**WHAT TO WORK ON**. Without the pictures, write the listing out again exactly as it appears.
>>>>
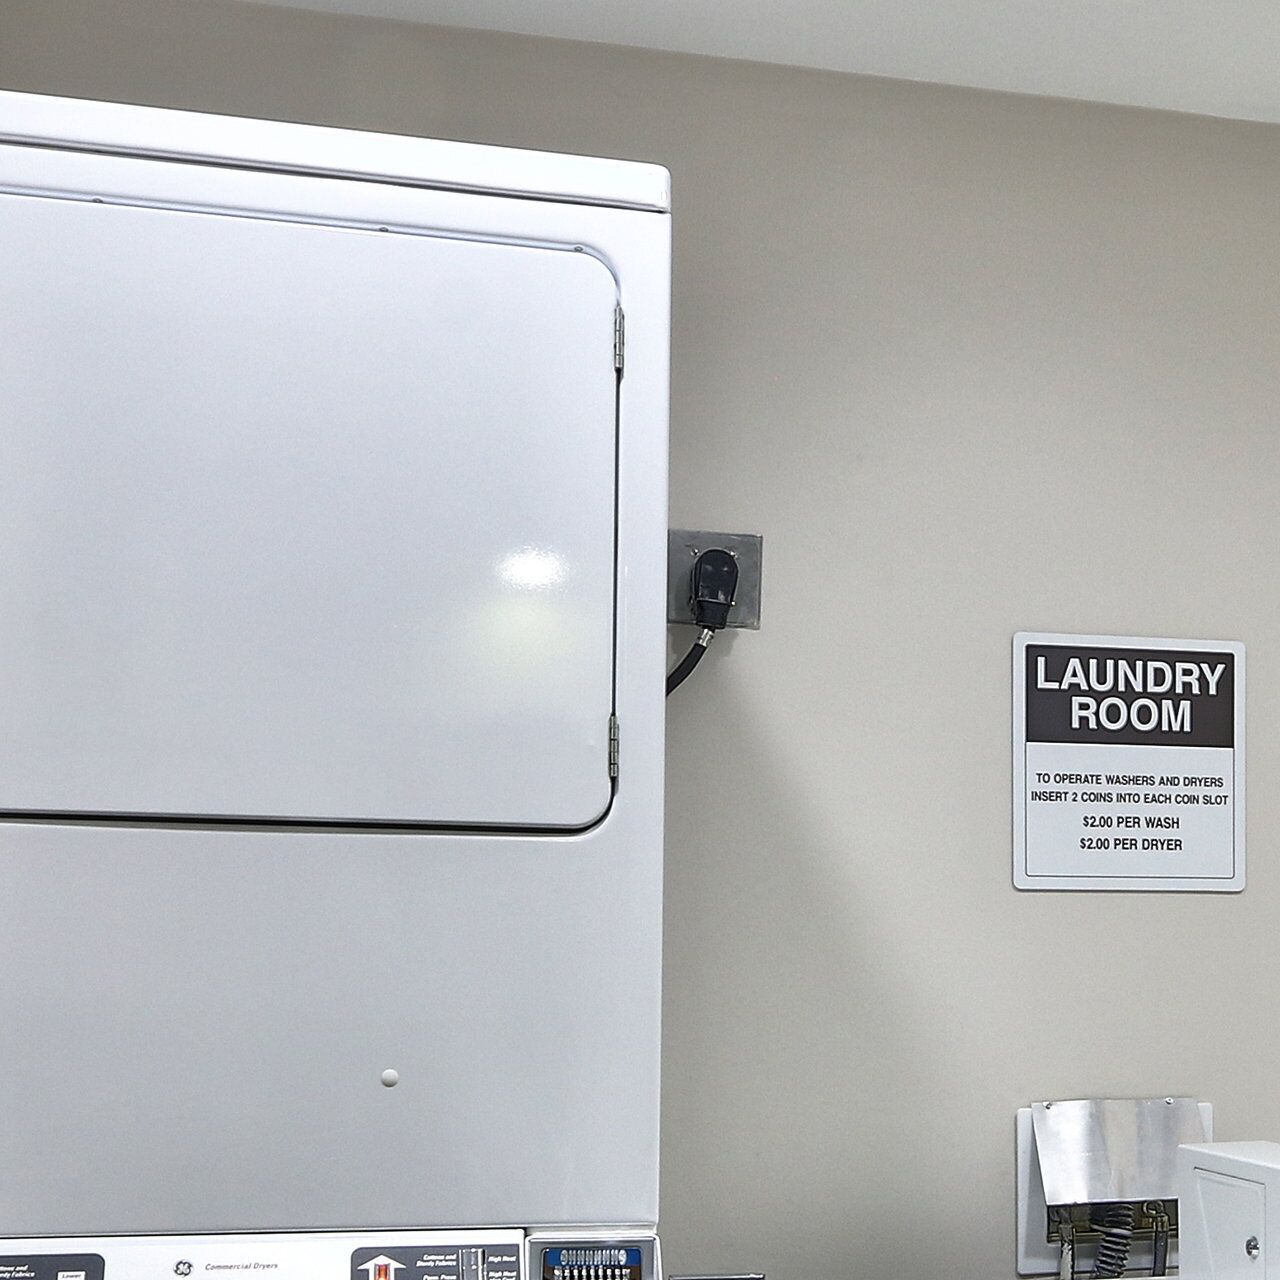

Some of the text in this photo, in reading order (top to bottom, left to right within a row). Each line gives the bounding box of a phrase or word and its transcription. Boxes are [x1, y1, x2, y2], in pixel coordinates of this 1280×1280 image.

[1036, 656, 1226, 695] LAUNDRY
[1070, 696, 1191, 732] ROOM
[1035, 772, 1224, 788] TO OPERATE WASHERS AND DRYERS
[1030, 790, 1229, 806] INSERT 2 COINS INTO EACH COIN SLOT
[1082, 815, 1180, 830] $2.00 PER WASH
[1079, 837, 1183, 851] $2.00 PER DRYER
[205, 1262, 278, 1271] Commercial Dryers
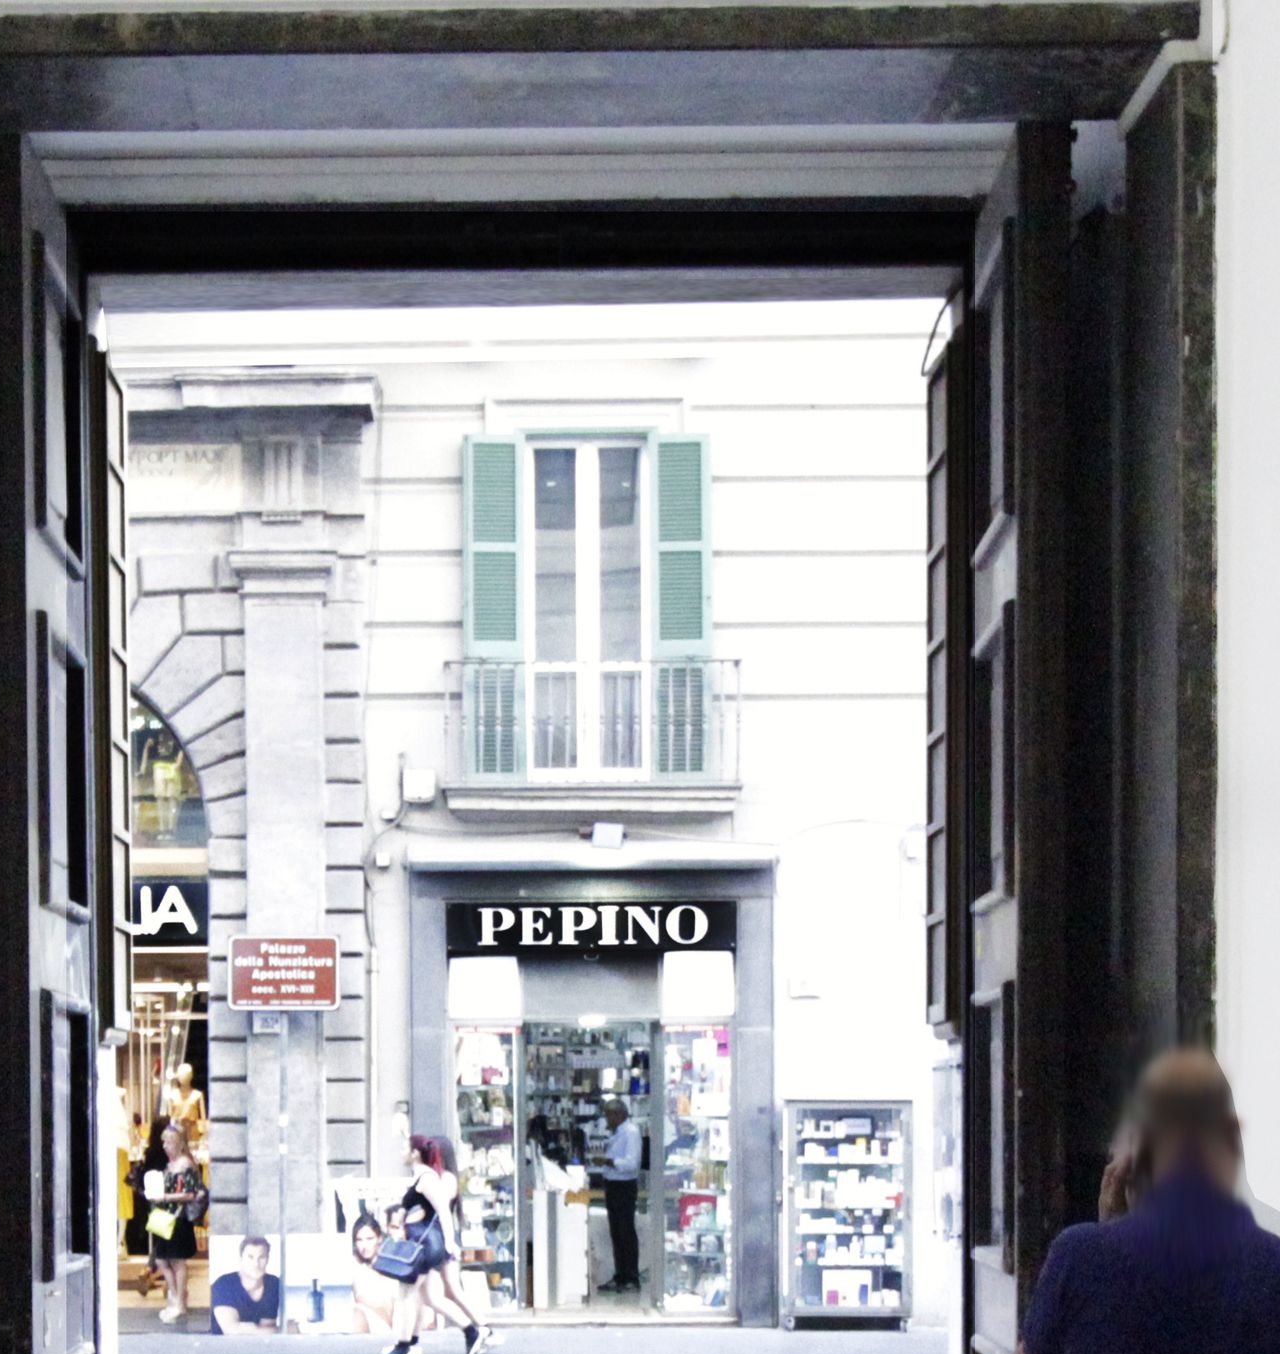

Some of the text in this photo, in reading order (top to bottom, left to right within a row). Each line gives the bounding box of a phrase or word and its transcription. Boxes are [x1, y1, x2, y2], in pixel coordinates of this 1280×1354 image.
<<<<
**SOLUTION TO THIS EXERCISE**.
Some of the text in this photo, in reading order (top to bottom, left to right within a row). Each line gives the bounding box of a phrase or word and its transcription. Boxes are [x1, y1, x2, y2], in pixel coordinates of this 1280×1280 image.

[1036, 656, 1226, 695] LAUNDRY
[1070, 696, 1191, 732] ROOM
[1035, 772, 1224, 788] TO OPERATE WASHERS AND DRYERS
[1030, 790, 1229, 806] INSERT 2 COINS INTO EACH COIN SLOT
[1082, 815, 1180, 830] $2.00 PER WASH
[1079, 837, 1183, 851] $2.00 PER DRYER
[205, 1262, 278, 1271] Commercial Dryers

Some of the text in this photo, in reading order (top to bottom, left to right within a row). Each line gives the bounding box of a phrase or word and its transcription. Boxes are [x1, y1, x2, y2], in pixel coordinates of this 1280×1354 image.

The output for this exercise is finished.